[Images for object localization]
----------------

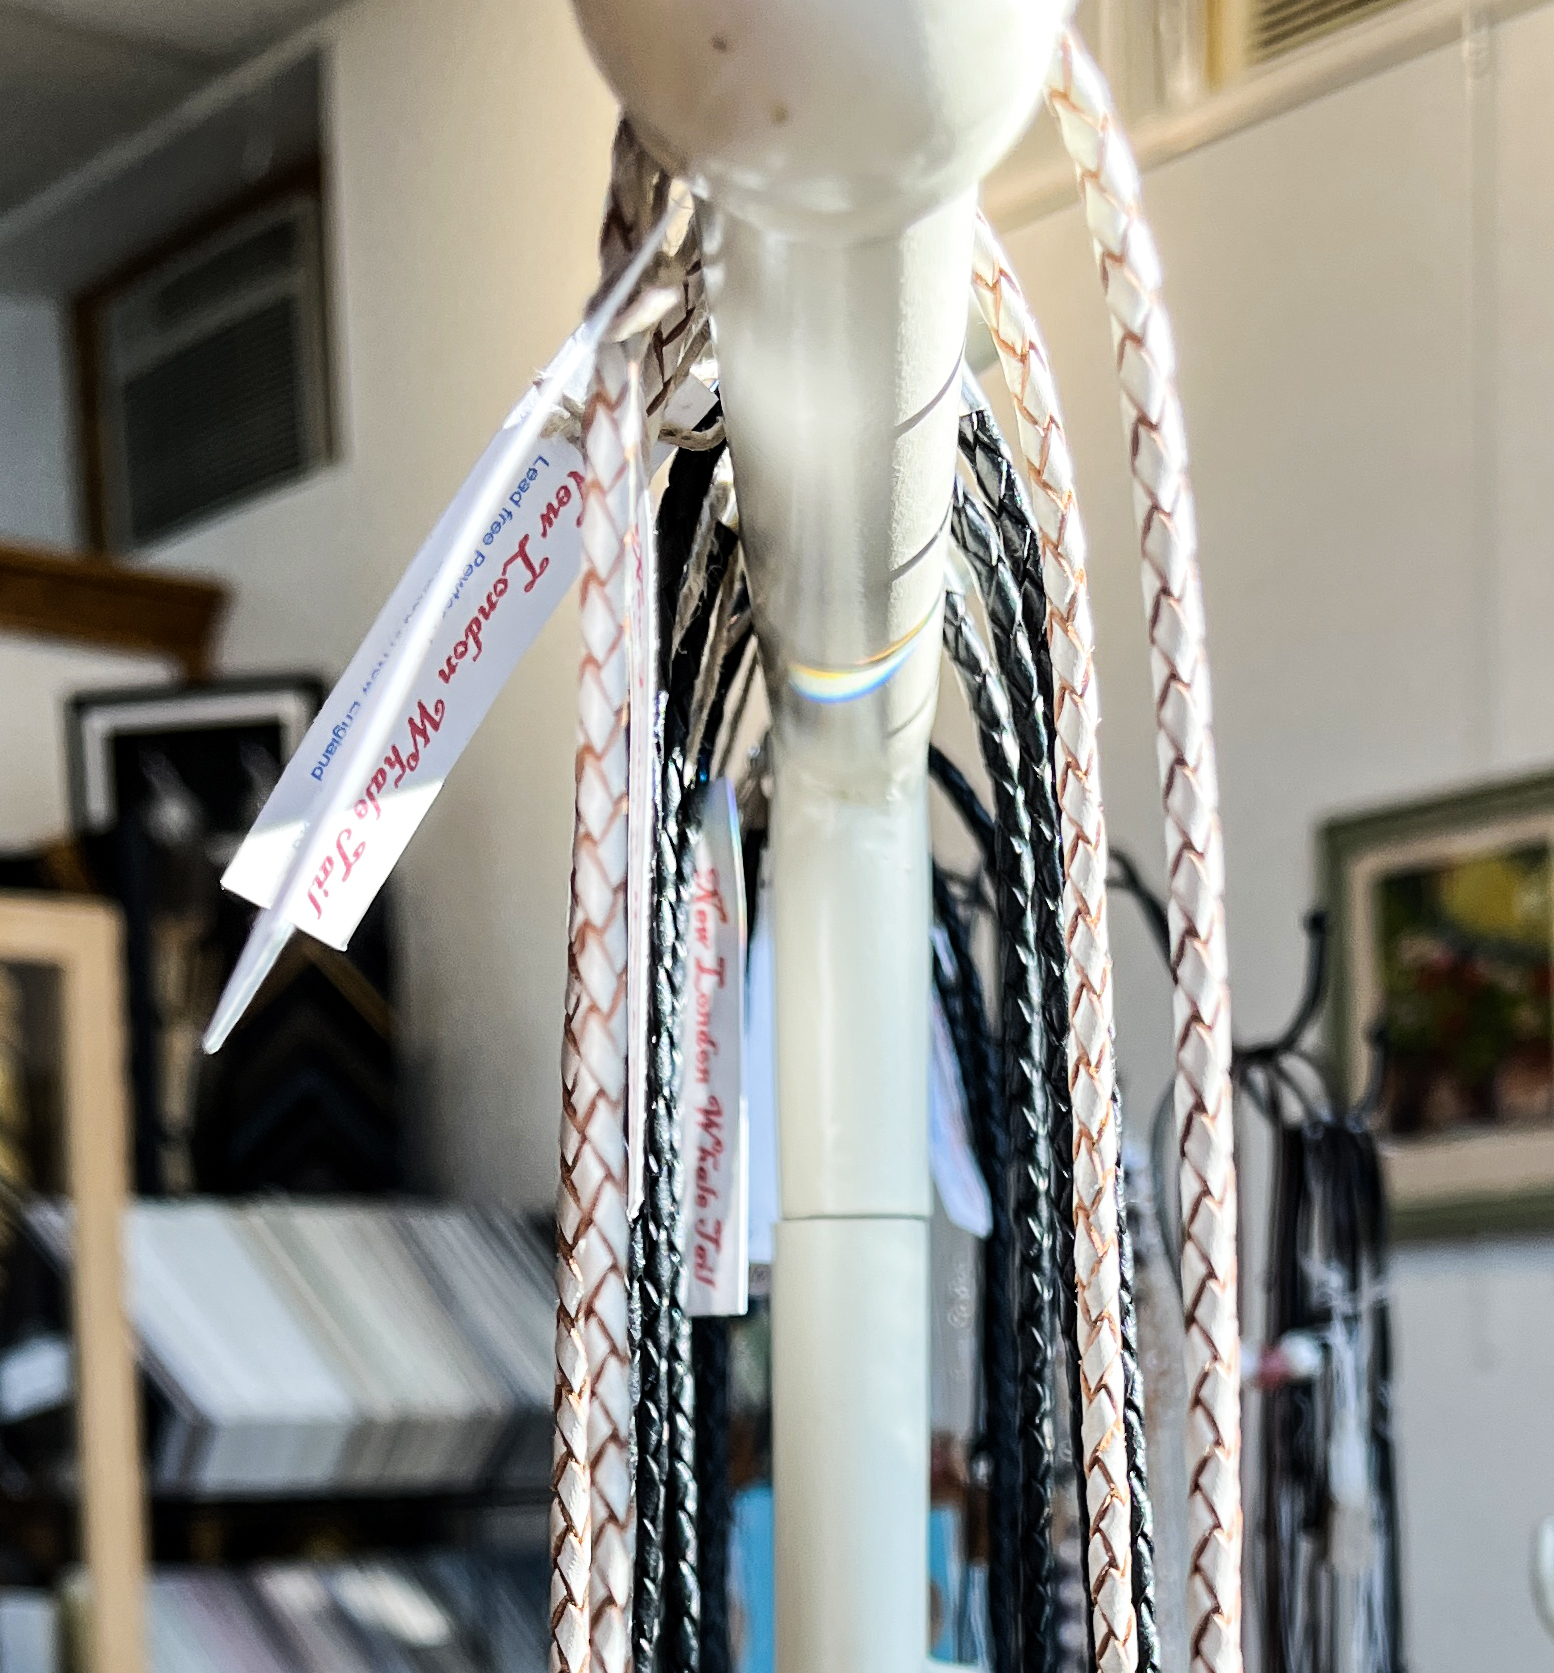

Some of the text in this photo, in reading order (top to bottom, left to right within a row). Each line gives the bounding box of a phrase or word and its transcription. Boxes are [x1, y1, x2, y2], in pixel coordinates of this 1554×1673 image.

[482, 507, 514, 546] free
[509, 454, 550, 508] Lead
[438, 533, 550, 684] London
[353, 698, 446, 820] Whale
[307, 827, 366, 920] Tail
[692, 866, 728, 1290] New London Whale Tail
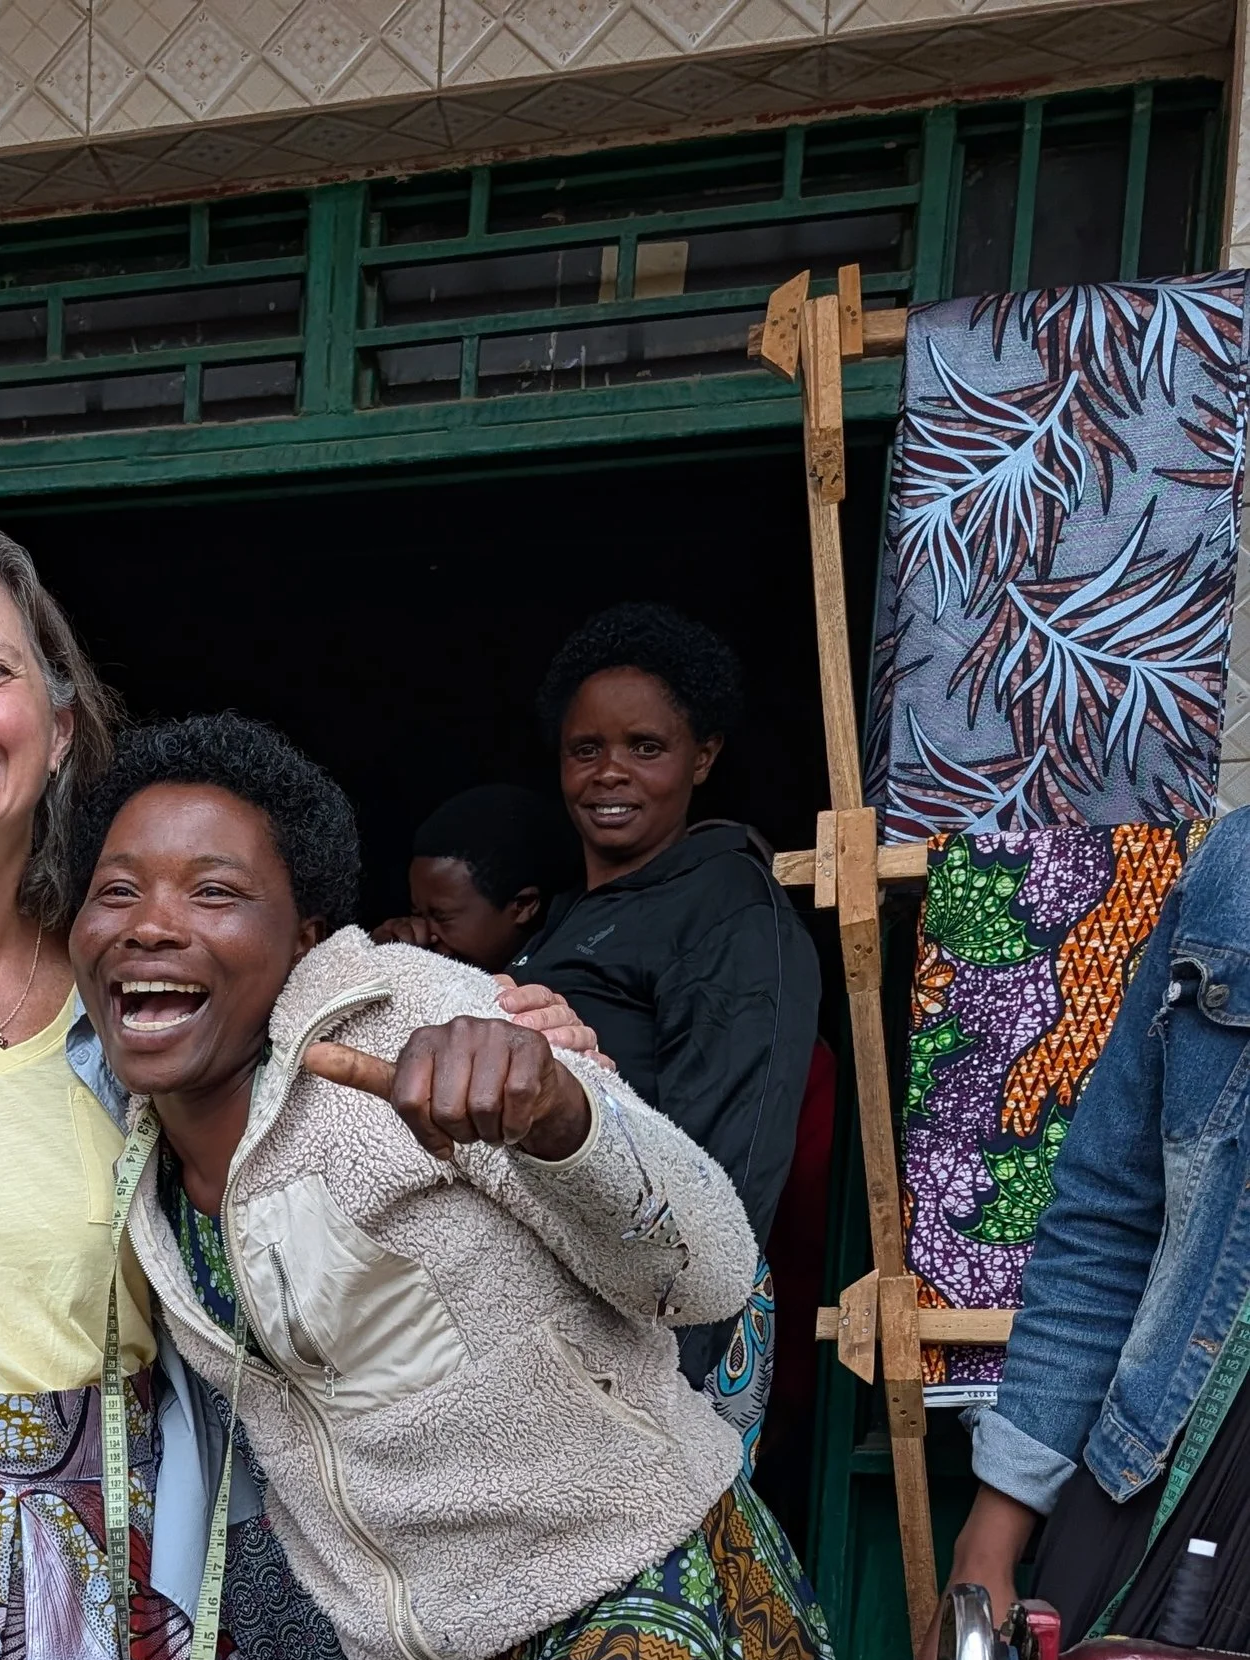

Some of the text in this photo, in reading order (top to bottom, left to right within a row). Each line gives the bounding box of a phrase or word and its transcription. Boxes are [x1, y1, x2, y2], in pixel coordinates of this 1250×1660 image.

[117, 1176, 129, 1196] 45
[1226, 1359, 1239, 1370] 123
[1219, 1374, 1233, 1384] 124
[108, 1400, 118, 1408] 131
[108, 1413, 119, 1421] 132
[1199, 1417, 1213, 1428] 127
[110, 1453, 121, 1461] 135
[113, 1546, 124, 1554] 142
[207, 1597, 219, 1616] 16
[203, 1631, 215, 1651] 15
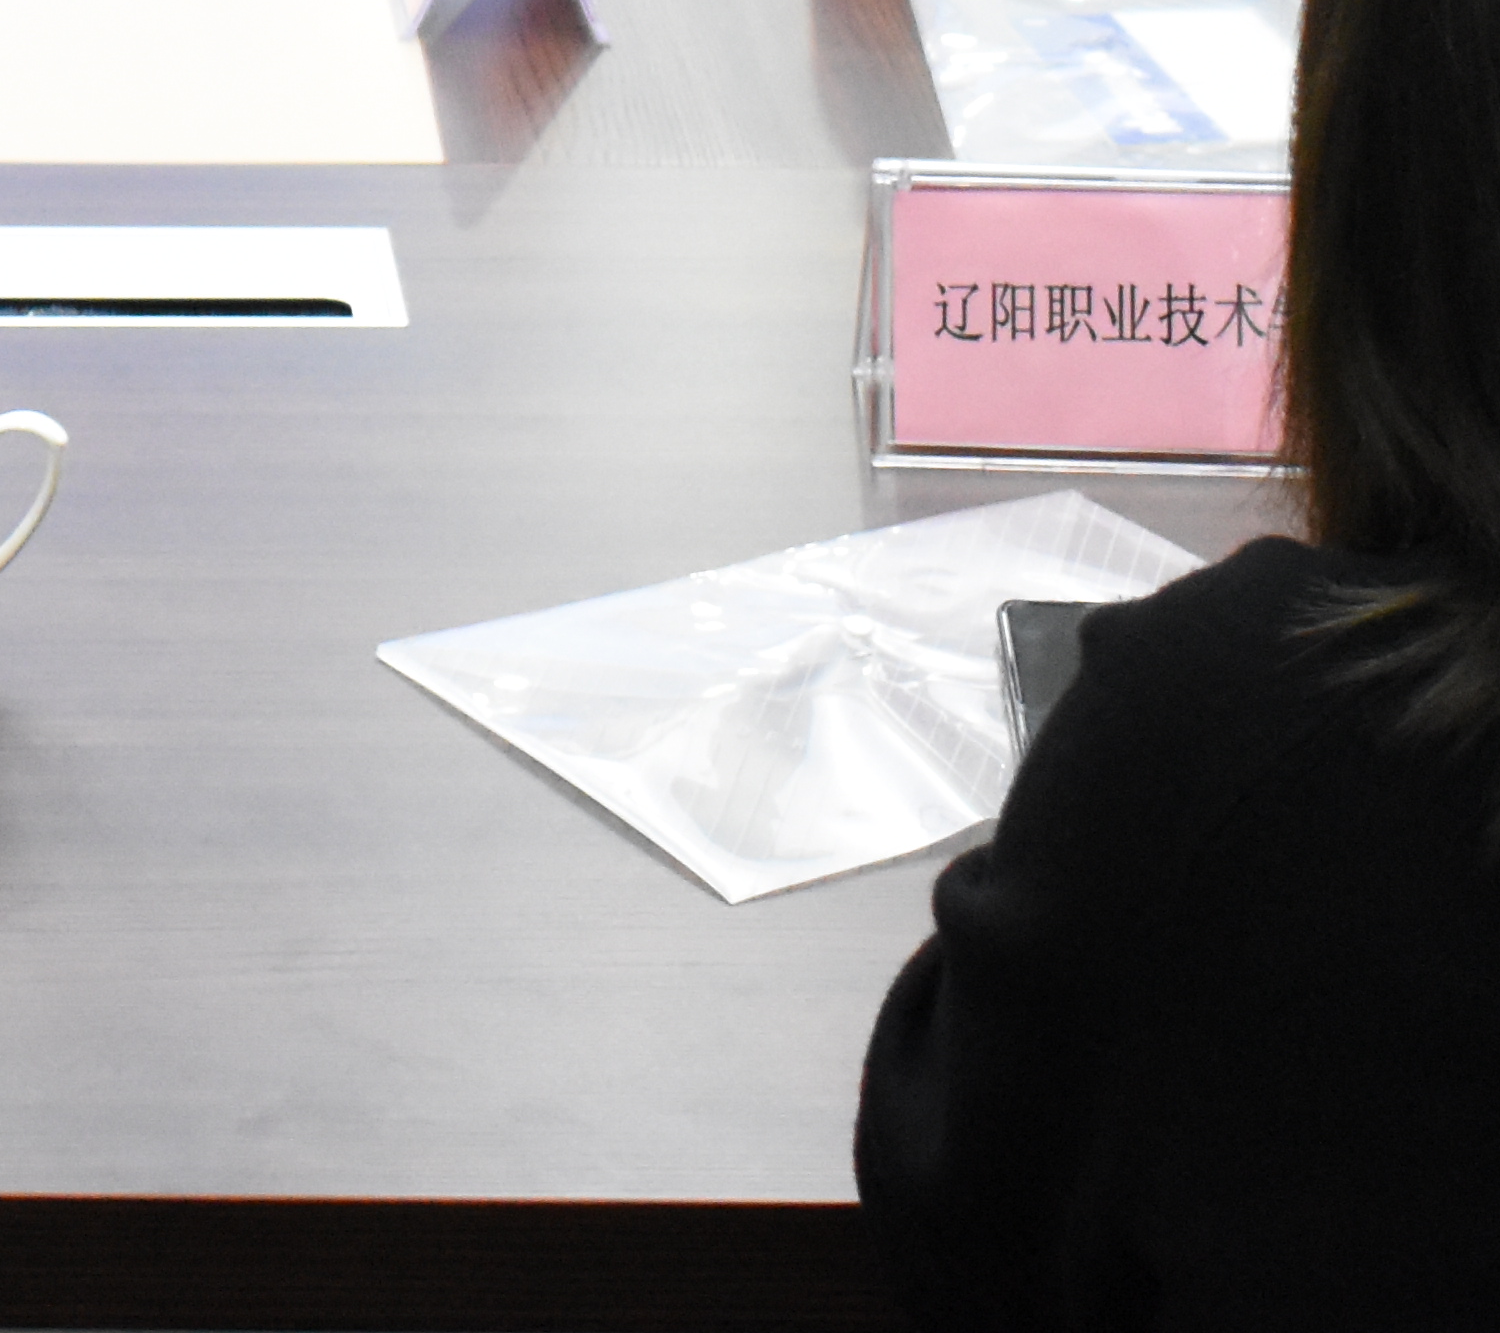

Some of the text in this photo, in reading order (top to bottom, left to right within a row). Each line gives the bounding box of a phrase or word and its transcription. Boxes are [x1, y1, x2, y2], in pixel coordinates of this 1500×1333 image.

----------------

Across all the lines above, repeat the wording exactly and omit the pictures.

Some of the text in this photo, in reading order (top to bottom, left to right within a row). Each line gives the bounding box of a phrase or word and its transcription. Boxes are [x1, y1, x2, y2], in pixel coordinates of this 1554×1673 image.

[482, 507, 514, 546] free
[509, 454, 550, 508] Lead
[438, 533, 550, 684] London
[353, 698, 446, 820] Whale
[307, 827, 366, 920] Tail
[692, 866, 728, 1290] New London Whale Tail

Some of the text in this photo, in reading order (top to bottom, left to right within a row). Each line gives the bounding box of a phrase or word and its transcription. Boxes are [x1, y1, x2, y2], in pixel coordinates of this 1250×1660 image.

[117, 1176, 129, 1196] 45
[1226, 1359, 1239, 1370] 123
[1219, 1374, 1233, 1384] 124
[108, 1400, 118, 1408] 131
[108, 1413, 119, 1421] 132
[1199, 1417, 1213, 1428] 127
[110, 1453, 121, 1461] 135
[113, 1546, 124, 1554] 142
[207, 1597, 219, 1616] 16
[203, 1631, 215, 1651] 15

Some of the text in this photo, in reading order (top to bottom, left to right within a row). Each line gives the bounding box of a phrase or word and its transcription. Boxes are [x1, y1, x2, y2], in pixel coordinates of this 1500×1333 image.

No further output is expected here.